Gloria Delfanti è una tra le ricercatrici premiate durante la 21a edizione del Premio L’Oréal – UNESCO “Per le Donne e la Scienza”, un prestigioso riconoscimento che è stato assegnato ad alcune scienziate italiane capaci di contraddistinguersi per l’alto potenziale delle proprie innovazioni. Da anni studia le funzioni antitumorali di un particolare tipo di globuli bianchi, chiamati cellule “natural killer T o NKT”, che possono potenzialmente rappresentare un prodotto universale per l’immunoterapia del cancro. Ma questo non è l’unico progetto di cui si occupa la brillante ricercatrice. La abbiamo intercettata per scoprirne di più.
Gloria, da quanto ti occupi di ricerca?
Dal 2015, anno in cui ho iniziato il dottorato in Immunologia e Oncologia, ma la mia passione nasce da molto tempo prima. Fin dalle scuole medie sapevo che avrei voluto diventare una ricercatrice: quello che mi spingeva era la curiosità di capire perché succedono alcune cose, per esempio perché sviluppiamo certe malattie. Ovviamente, il banco di prova è stato il tirocinio di tesi durante la magistrale in Biotecnologie mediche, grazie al quale ho potuto frequentare un laboratorio a tempo pieno e toccare con mano cosa significasse davvero fare ricerca. Ciò che mi affascina di più del mio lavoro è che studiando i meccanismi biologici che regolano alcuni processi, per esempio la risposta del nostro sistema immunitario ai tumori, possiamo sfruttare queste conoscenze a nostro vantaggio.
Su che cosa stai lavorando attualmente?
Sulla possibilità di sfruttare il sistema immunitario come arma per combattere le metastasi epatiche da carcinoma colon-rettale. In particolare, il progetto mira a sfruttare le funzioni antitumorali di un particolare tipo di globuli bianchi, chiamati cellule “natural killer T o NKT”, che possono potenzialmente rappresentare un prodotto universale per l’immunoterapia del cancro. L’obiettivo del mio progetto è quello di potenziare l’attività antitumorale delle cellule NKT mediante una modificazione genetica che consentirà loro di uccidere direttamente le cellule tumorali e, allo stesso tempo, bloccare la capacità del tumore di addormentare il sistema immunitario, superando così il principale ostacolo che hanno le terapie attualmente in uso. I dati raccolti forniranno una prova riguardo l’efficacia e la sicurezza dell’impiego delle cellule NKT per l’immunoterapia del cancro, con l’ambizione di gettare le basi per future strategie terapeutiche per i pazienti oncologici.

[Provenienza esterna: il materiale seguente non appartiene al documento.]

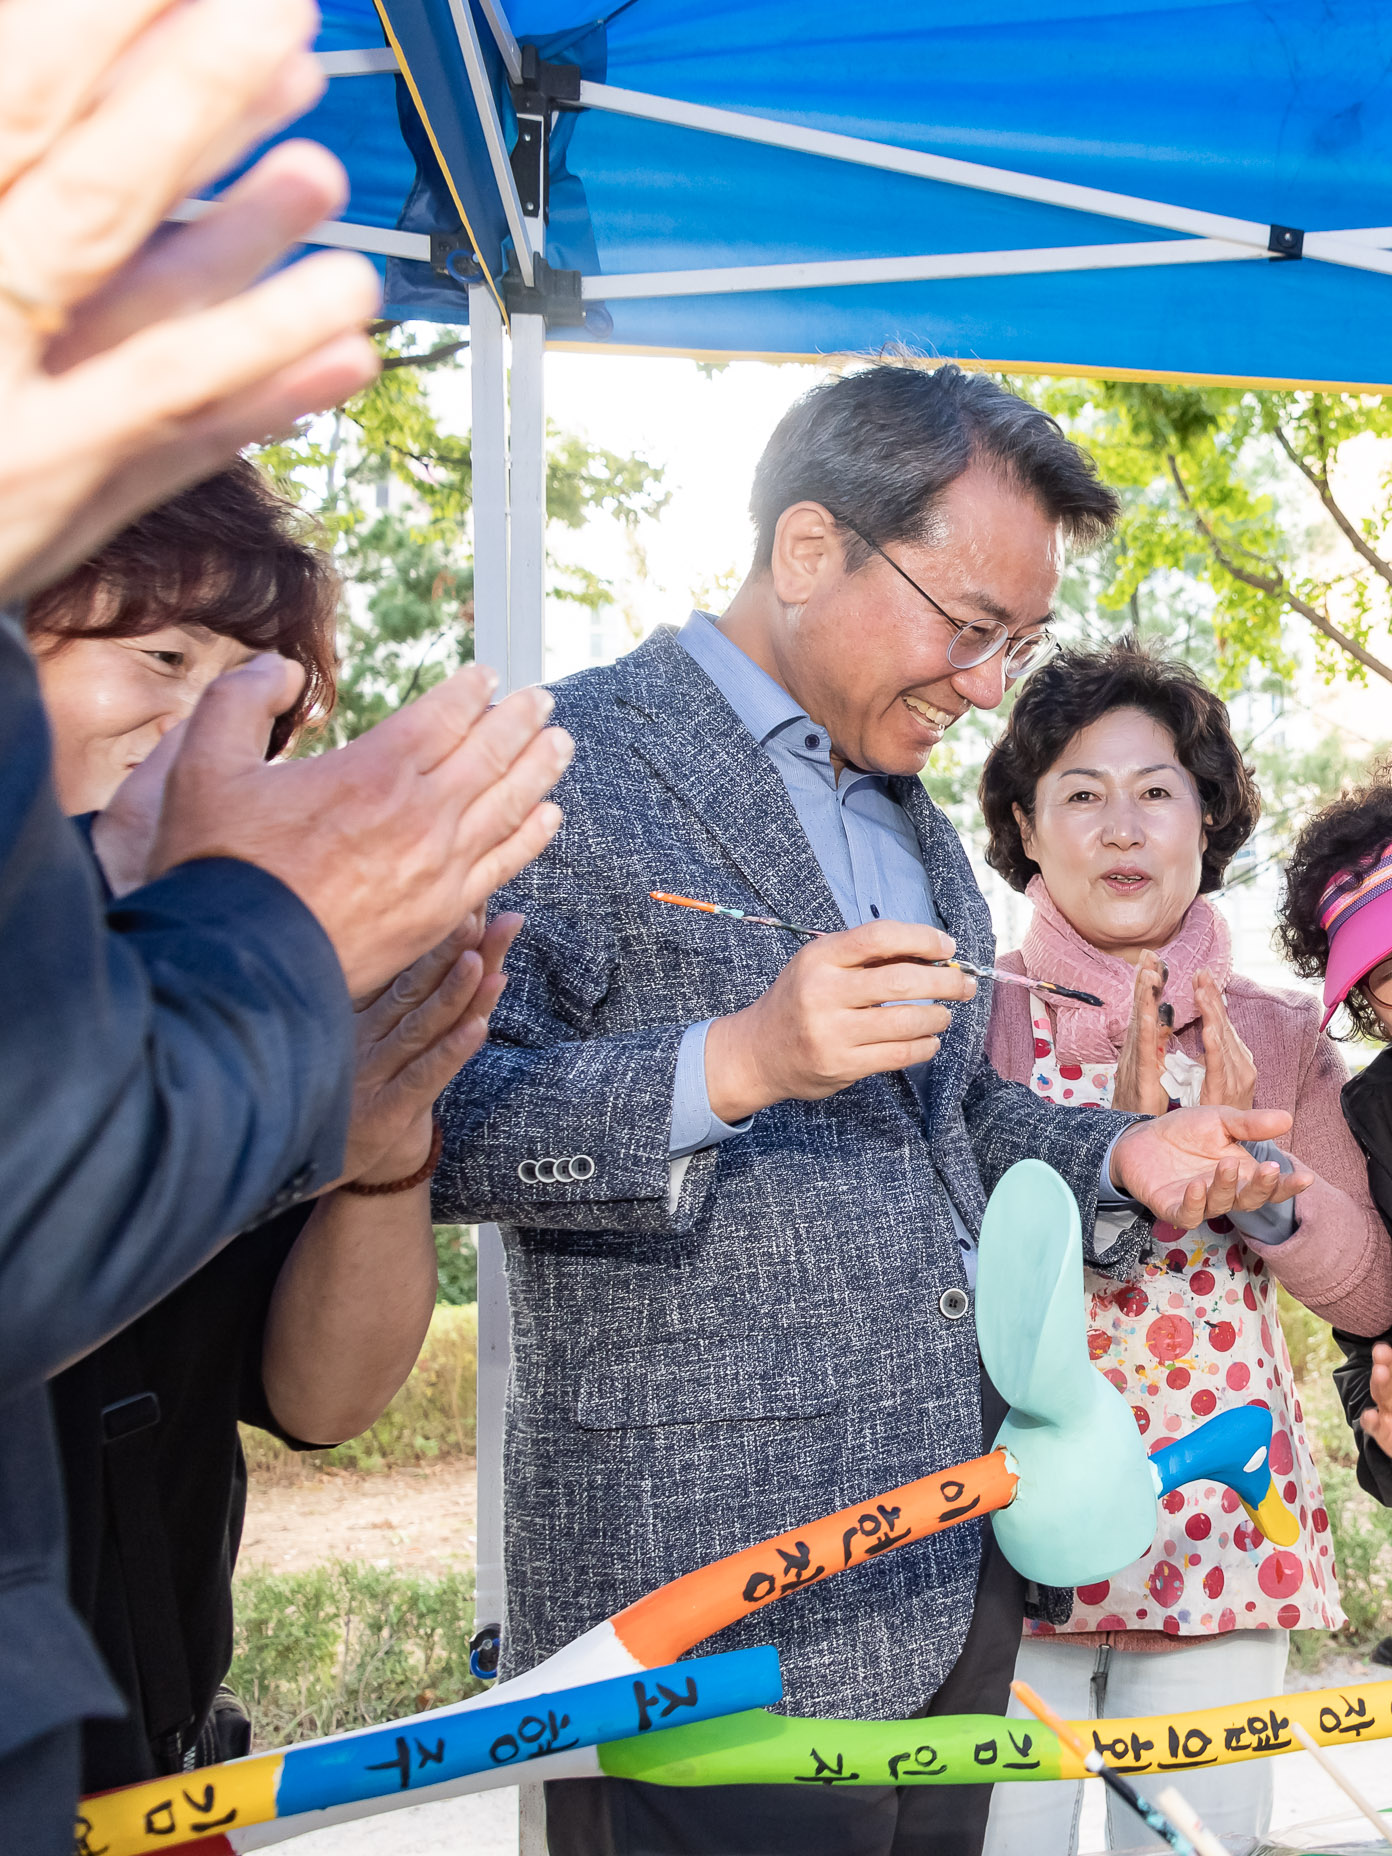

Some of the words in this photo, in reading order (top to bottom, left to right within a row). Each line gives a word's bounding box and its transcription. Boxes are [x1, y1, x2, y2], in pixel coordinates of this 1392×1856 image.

[742, 1480, 981, 1603] 이현정
[364, 1676, 699, 1788] 조형주
[794, 1729, 1041, 1786] 김인자

Cosa ti ha spinto a partecipare alla call di L’ORÉAL-UNESCO?
Il programma L’Oréal-UNESCO “For Women in Science” da anni sostiene l’aspirazione delle giovani scienziate a perseguire una carriera di ricerca indipendente. È un premio molto prestigioso e anche molto competitivo, e per me rappresentava una bella occasione per sostenere i miei studi di ricerca. Non mi sarei, però, immaginata di vincerlo davvero.
Cosa ha significato per te questa vittoria?
Grande stupore, gioia e anche un grande onore. Con questa vittoria mi porto anche a casa la soddisfazione di veder riconosciuti tanti anni di impegno e studio e una spinta a continuare in questo percorso che non è sempre facile. Inoltre, avere avuto la possibilità di conoscere altre
cinque scienziate di talento (ndr Arianna Renzini, Francesca Berti, Gloria Del Fanti, Martina Ilaria Fracchia e Alice Borghese) e condividere con loro una giornata bellissima a sostegno delle donne e la scienza è stato un traguardo per me molto importante.
Il tuo progetto è decisamente importante ma hai anche altro in cantiere che puoi raccontarci?
Nel laboratorio di Immunologia sperimentale dell’ospedale San Raffaele abbiamo molti progetti in corso, volti soprattutto allo studio di questi globuli bianchi definiti “non-convenzionali”, come le cellule natural killer T (NKT). Queste cellule riconoscono una molecola identica in tutti gli individui e ciò implica che le cellule NKT prelevate da un qualsiasi donatore siano in grado di funzionare in ogni ricevente, rappresentando una piattaforma cellulare applicabile in modo universale a qualsiasi paziente. Per poter arrivare a questo risultato dobbiamo, però, avere una buona conoscenza delle basi biologiche che governano queste cellule: scoprire a fondo quali sono le loro naturali funzioni e quali potrebbero essere le limitazioni nel loro utilizzo, per arrivare ad avere una sorta di “carta d’identità” dettagliata che ci permetta di poterle modificare e sfruttare come nuova terapia anti-tumorale.